Although the entries contain pictures, repeat only their words, exactly as written.

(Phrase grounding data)
####################
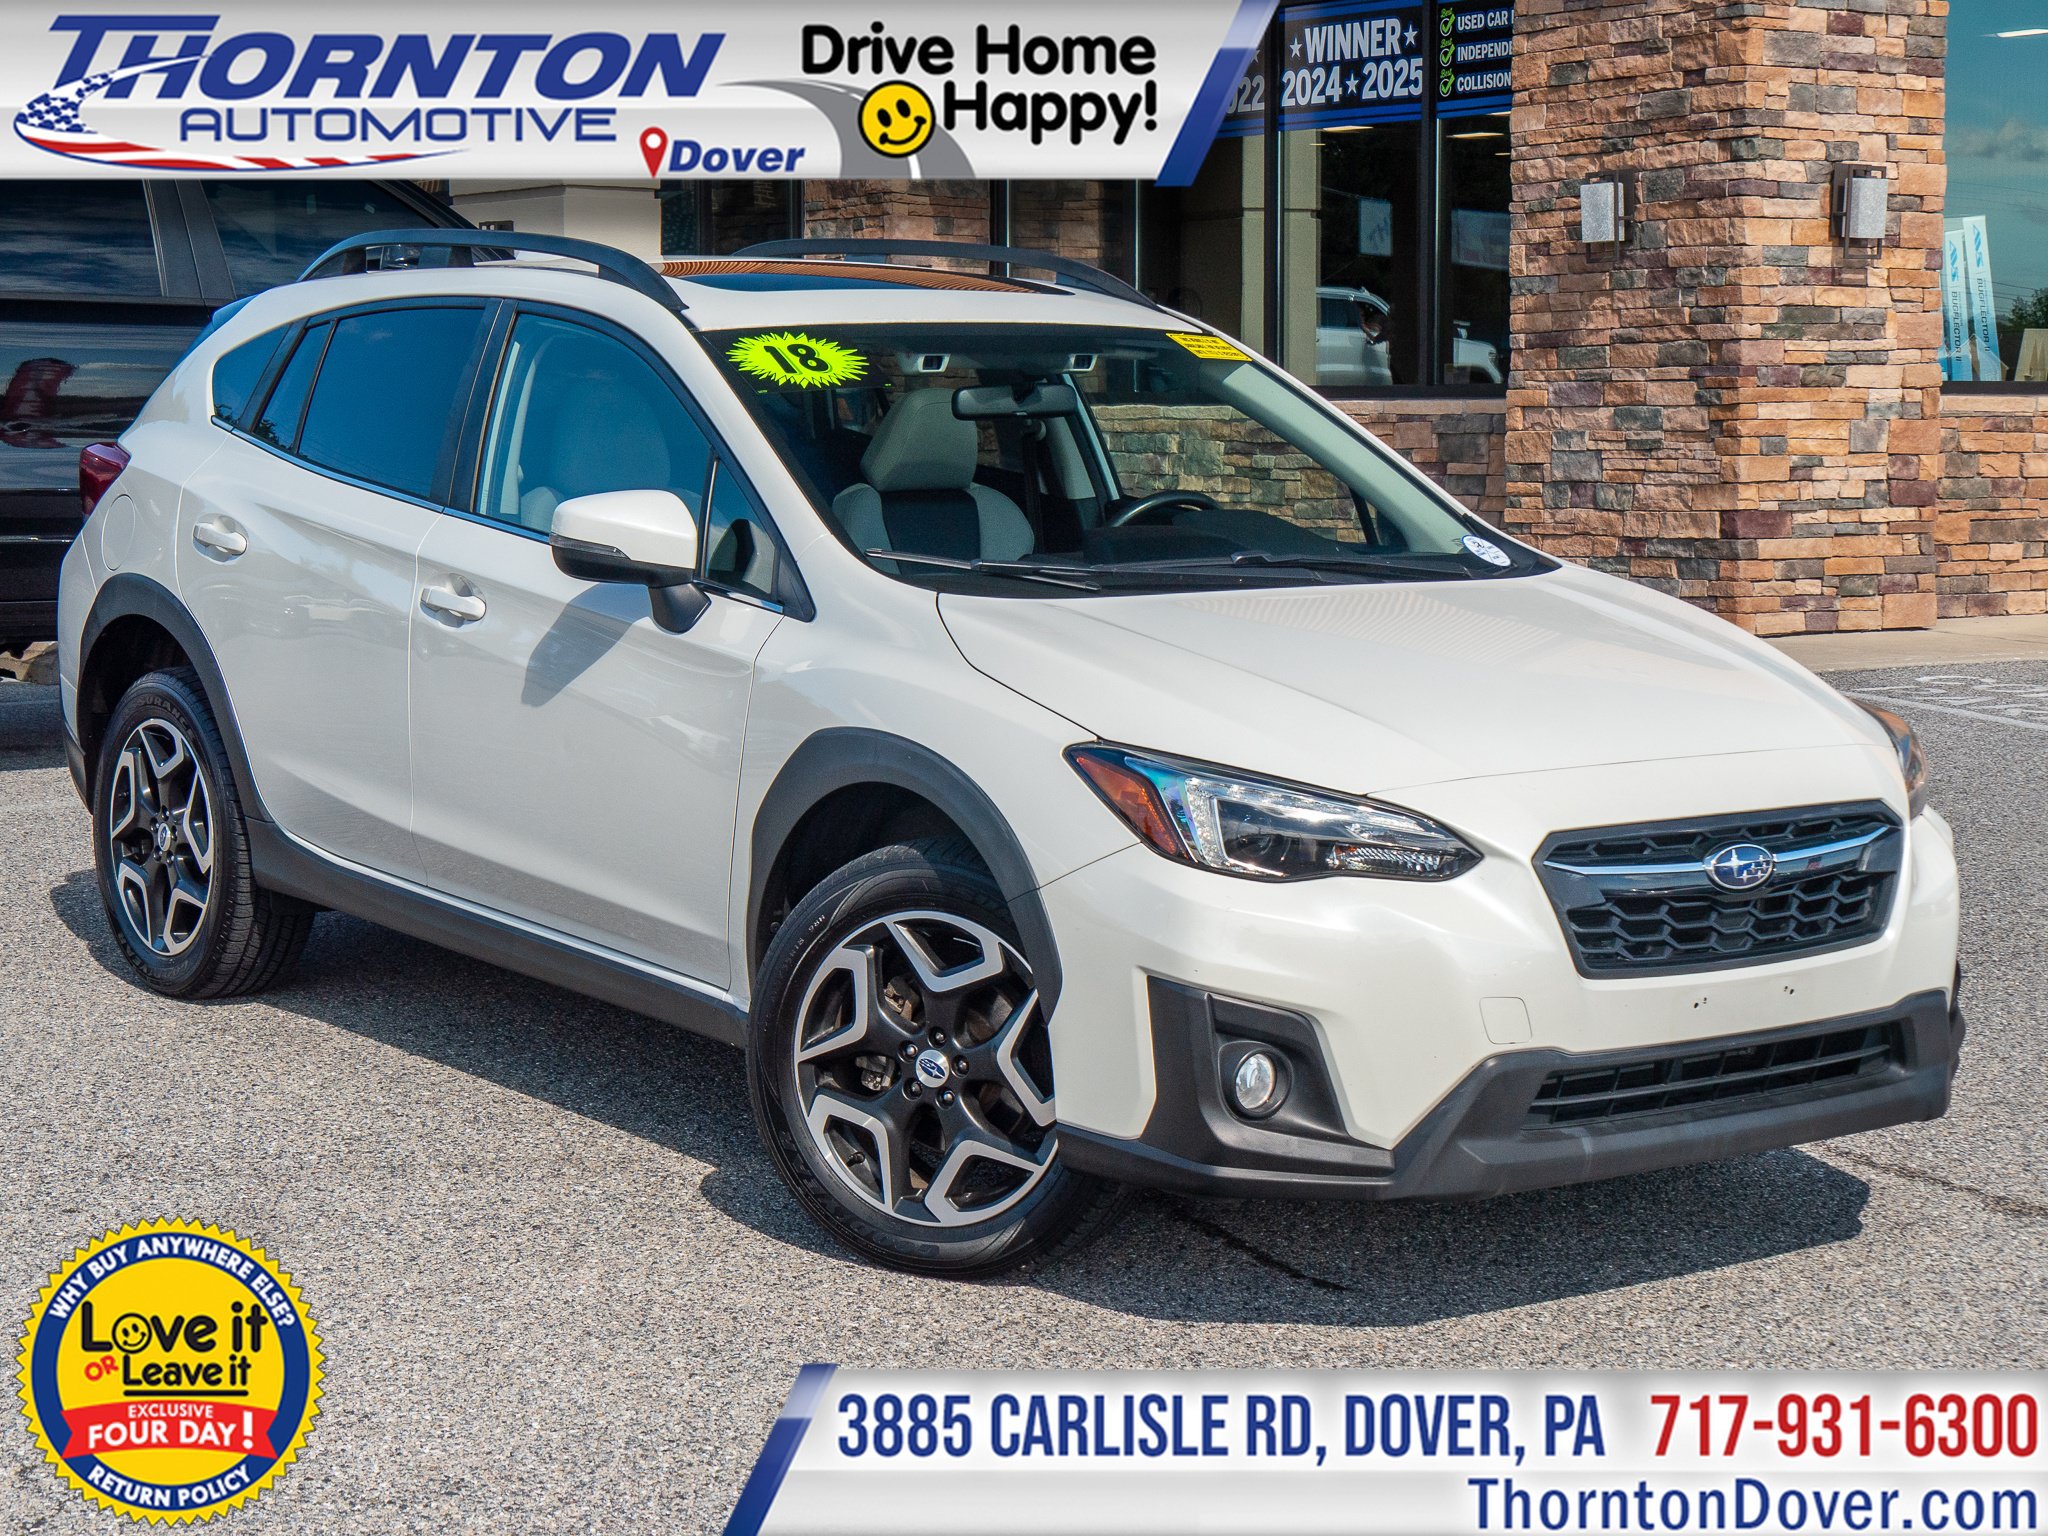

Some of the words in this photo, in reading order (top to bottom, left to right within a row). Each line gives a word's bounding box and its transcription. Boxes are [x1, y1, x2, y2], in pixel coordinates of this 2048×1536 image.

[1304, 18, 1400, 63] WINNER
[1457, 13, 1485, 31] USED
[1487, 10, 1508, 27] CAR
[1281, 66, 1342, 107] 2024
[1361, 58, 1423, 100] 2025
[1457, 71, 1512, 91] COLLISION
[1951, 291, 1962, 356] BUGFLECTOR
[1976, 277, 1992, 345] BUGFLECTOR
[763, 343, 833, 374] 18
####################
- _Output for this task_
Some of the words in this photo, in reading order (top to bottom, left to right within a row). Each line gives a word's bounding box and its transcription. Boxes are [x1, y1, x2, y2], in pixel coordinates of this 2048×1536 image.

[1304, 18, 1400, 63] WINNER
[1457, 13, 1485, 31] USED
[1487, 10, 1508, 27] CAR
[1281, 66, 1342, 107] 2024
[1361, 58, 1423, 100] 2025
[1457, 71, 1512, 91] COLLISION
[1951, 291, 1962, 356] BUGFLECTOR
[1976, 277, 1992, 345] BUGFLECTOR
[763, 343, 833, 374] 18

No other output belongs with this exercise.